• ACTIVITY: Reproduce the listing in full. Omit the pictures.

• RECORDS PROVIDED:
-- Opening Marker --
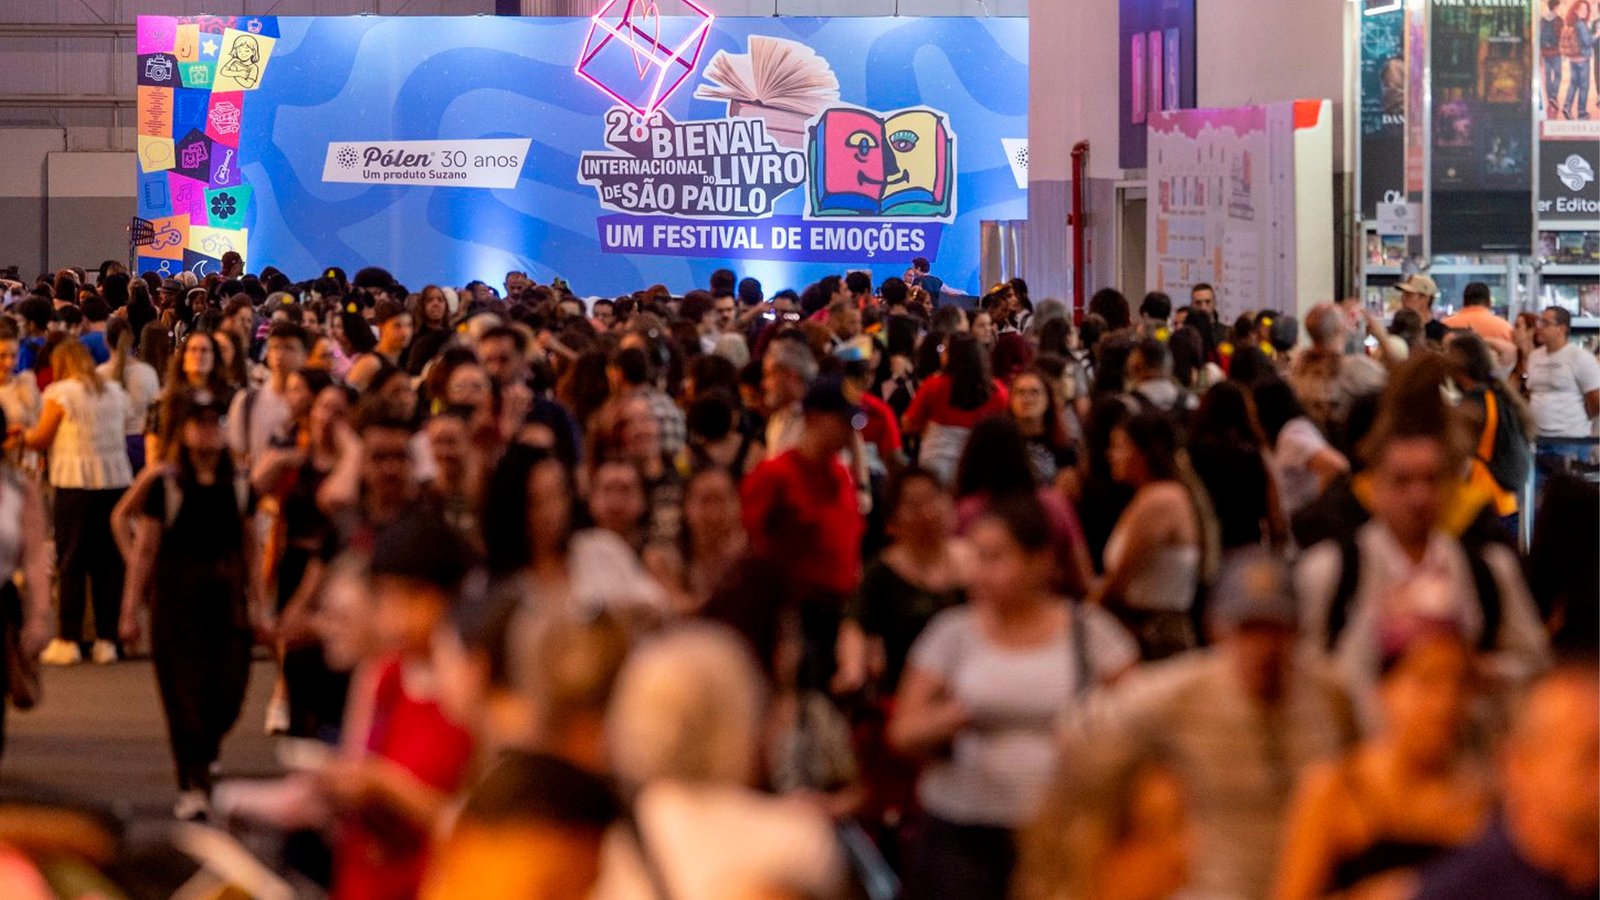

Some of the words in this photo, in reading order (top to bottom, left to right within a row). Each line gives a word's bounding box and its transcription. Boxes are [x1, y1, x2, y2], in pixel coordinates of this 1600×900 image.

[652, 121, 772, 158] BIENAL
[441, 150, 467, 168] 30
[474, 155, 518, 168] anos
[584, 160, 707, 175] INTERNACIONAL
[703, 174, 715, 184] DO
[713, 153, 805, 185] LIVRO
[363, 170, 381, 179] Um
[384, 170, 426, 181] produto
[429, 170, 467, 179] Suzano
[604, 185, 622, 200] DE
[621, 178, 675, 210] SÃO
[682, 186, 766, 212] PAULO
[606, 225, 644, 247] UM
[653, 225, 764, 249] FESTIVAL
[771, 227, 802, 249] DE
[810, 223, 926, 256] EMOÇÕES
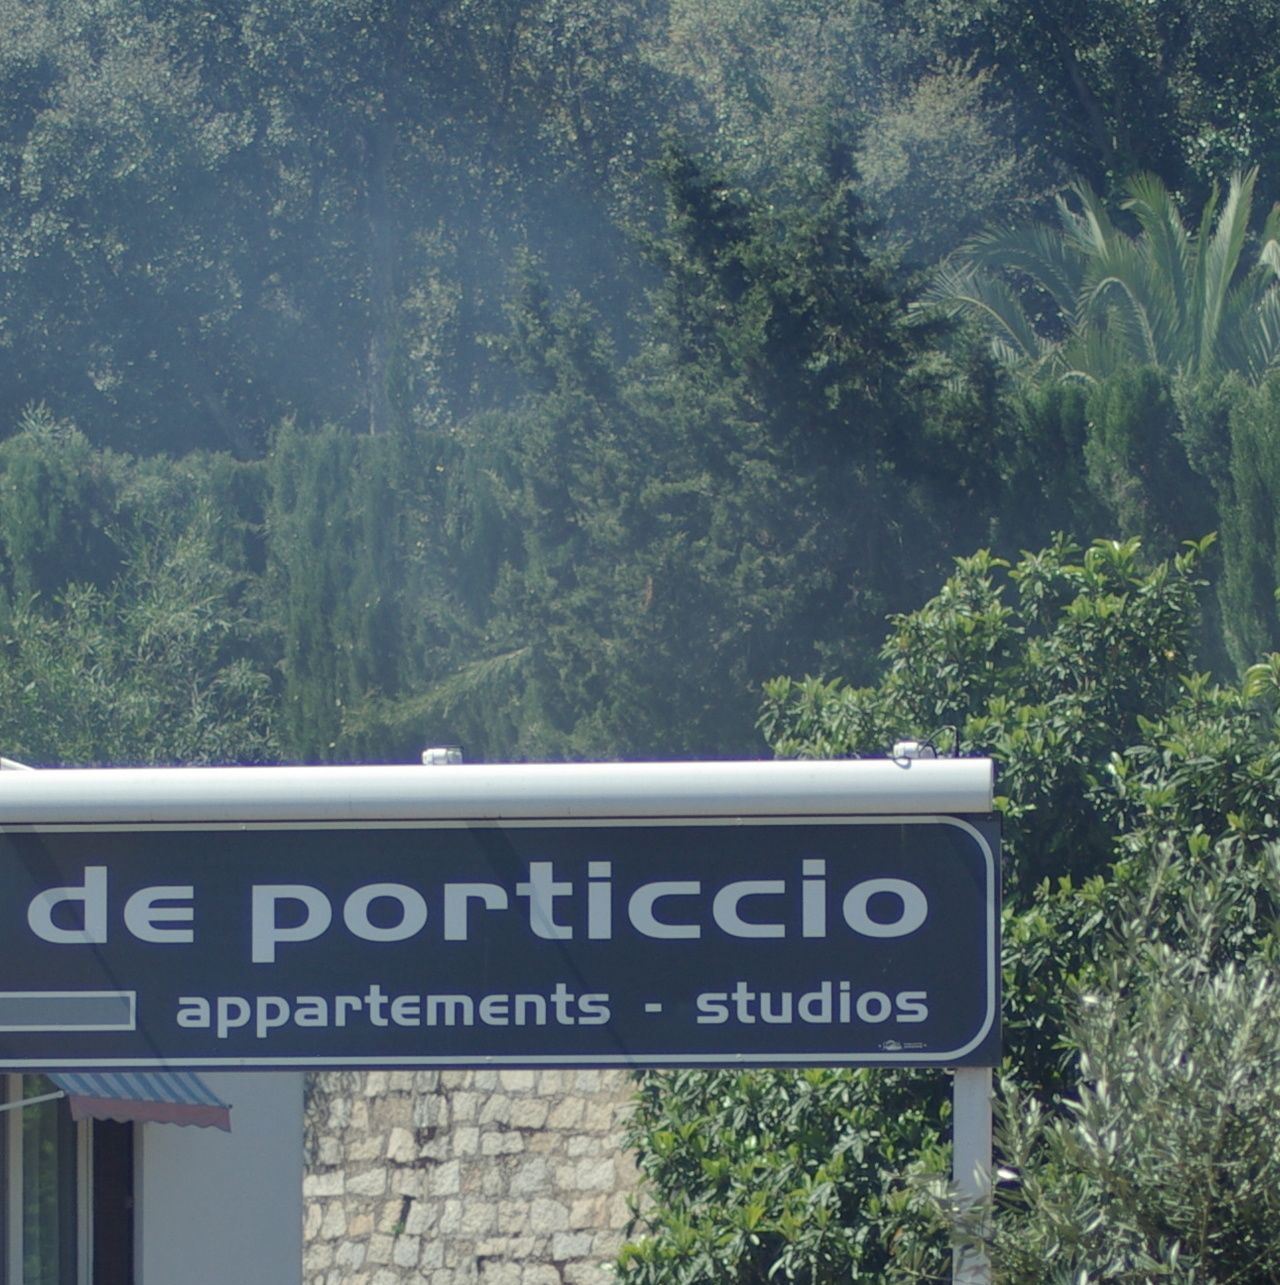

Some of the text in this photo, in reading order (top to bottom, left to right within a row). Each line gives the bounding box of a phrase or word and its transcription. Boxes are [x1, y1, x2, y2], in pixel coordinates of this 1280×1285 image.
-- Closing Marker --
• PROBLEM SOLUTION:
Some of the words in this photo, in reading order (top to bottom, left to right within a row). Each line gives a word's bounding box and its transcription. Boxes are [x1, y1, x2, y2], in pixel coordinates of this 1600×900 image.

[652, 121, 772, 158] BIENAL
[441, 150, 467, 168] 30
[474, 155, 518, 168] anos
[584, 160, 707, 175] INTERNACIONAL
[703, 174, 715, 184] DO
[713, 153, 805, 185] LIVRO
[363, 170, 381, 179] Um
[384, 170, 426, 181] produto
[429, 170, 467, 179] Suzano
[604, 185, 622, 200] DE
[621, 178, 675, 210] SÃO
[682, 186, 766, 212] PAULO
[606, 225, 644, 247] UM
[653, 225, 764, 249] FESTIVAL
[771, 227, 802, 249] DE
[810, 223, 926, 256] EMOÇÕES

Some of the text in this photo, in reading order (top to bottom, left to right within a row). Each line gives the bounding box of a phrase or word and its transcription. Boxes are [x1, y1, x2, y2], in pixel coordinates of this 1280×1285 image.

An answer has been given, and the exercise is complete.